Fifty-six safety-related search and rescue incidents occurred between July 2016 and June 2017, representing nearly 20 per cent of all search and rescue activity for trampers in New Zealand.

Following the introduction of several prevention measures by New Zealand Mountain Safety Council and Department of Conservation, recent analysis shows the number dropped to 38 in 2017-18 and 23 in 2018-19, the Mountain Safety Council says.

The council's publication A Walk in the Park showed a growing number of safety incidents on the crossing.


To address the problem, the council established an advisory group with the Department of Conservation and hapū Ngāti Hikairo ki Tongariro, the kaitiaki for the mountain and the surrounding environment.

"The data made it clear that the Tongariro Alpine Crossing needed to be looked at closely and something needed to be done to help reduce the number of people being injured, requiring rescue or dying on the track," the council's chief executive Mike Daisley said today.

The 12-person advisory group included industry experts and academics with backgrounds including tourism, marketing, local business and search and rescue.

There was also representation from mana whenua through Ngāti Tūwharetoa and Ngāti Hikairo.

Topics addressed included the high search and rescue incident rate, the crossing's high-risk potential for severe weather events and the significant number of generally under-prepared users.

"We understand who is getting into trouble and how. We've been able to target our efforts and it's already proving to be effective" Daisley said.

"The reduction in search and rescue events on the crossing is very pleasing - the downward trend signals that the initiatives are a credit to all involved," Taupō Senior Constable Barry Shepherd said.

"For the number to continue going down, trampers need to respect that this is a tough track and not for everyone. It requires a good level of fitness as well as preparation for varying terrain and weather."


The council has published the advisory group's report, which identifies the leading causes of safety issues on the crossing and proposes eleven prevention solutions.

Previous efforts to improve safety on the Tongariro Crossing

• For several years, transport operators have followed a protocol that determines whether they will operate on a particular day due to 'adverse weather' conditions.

• In spring 2017, the Department of Conservation began employing rangers to provide advice to people starting the track and monitor operators who dropped customers off on bad weather days.

• In October 2018, the Mountain Safety Council launched the Tongariro Alpine Crossing video as part of a twelve-part tramping safety video series.

• In December 2018, the council and Department of Conservation placed posters inside all toilets along the track with key safety messages for the upcoming section and advising people how much time it would take for them to complete the walk from that location.
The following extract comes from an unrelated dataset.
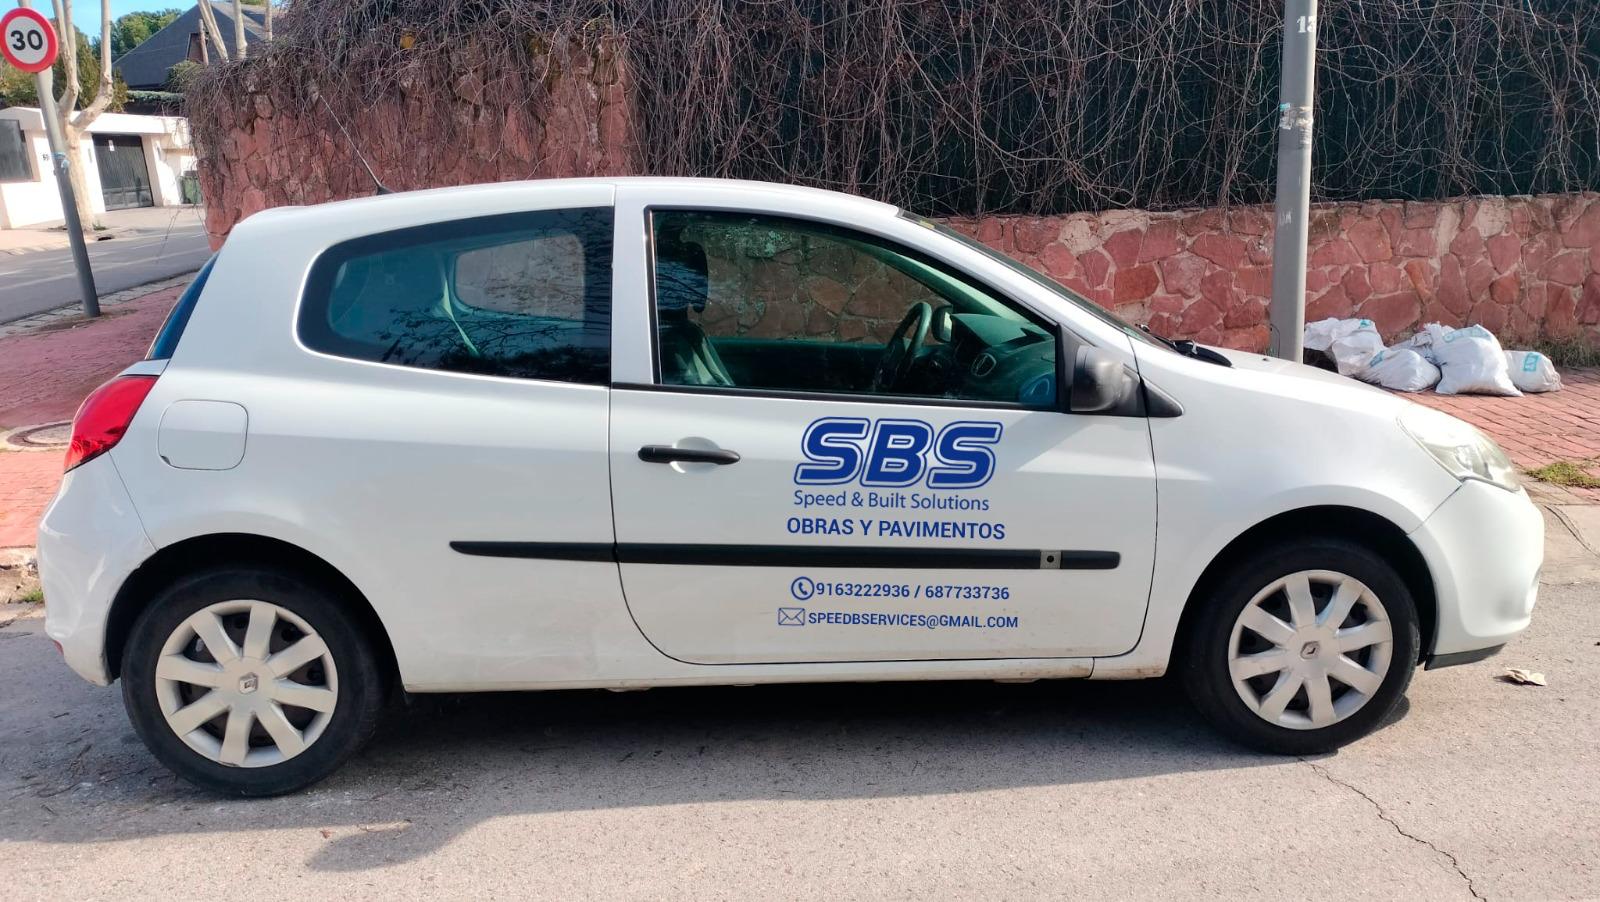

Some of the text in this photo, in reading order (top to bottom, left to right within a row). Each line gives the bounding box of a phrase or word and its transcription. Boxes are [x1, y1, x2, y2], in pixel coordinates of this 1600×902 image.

• In spring 2019 the department replaced old signage with new safety signs using the insights and expertise of the advisory group and GNS Science.

"We're encouraged to see these initiatives are making a difference and more people are making it home safely," Connie Norgate, operations manager for the Department of Conservation in Tongariro National Park said.

"The crossing is a very popular and beautiful track, but it requires good preparation, is not well suited for everyone and the conditions can change quickly."

Bubs Smith of Ngāti Hikairo ki Tongariro said it was "promising to note the reduction in incidents and callouts over the last couple years on Tongariro, especially given the ever-increasing number of visitors trekking the maunga over that same period."

"Alongside experiencing the natural and cultural values of this very special place, we are wanting to ensure visitors safety while on our ancestral maunga."

Following the advisory group report, the department of conservation has continued to employ rangers to interact with people in Mangatepopo Valley.

It is also trialling a bad weather advisory on days when adverse weather protocols are activated.

An automated email is sent to transport operators and signage is deployed at the ends of the track, as well as on the main highways.

The department is working with MetService to add the weather advisory to the MetService Tongariro National Park weather forecast.

Over the coming year, the council will be working to implement further advisory group recommendations.

The years counted run from July to June.

Incidents may involve more than one person; where known, all medical events have been removed (e.g. heart attacks); fatalities have not been included within these counts; these numbers do not include participation rates nor do they reflect a ratio or rate against participation numbers.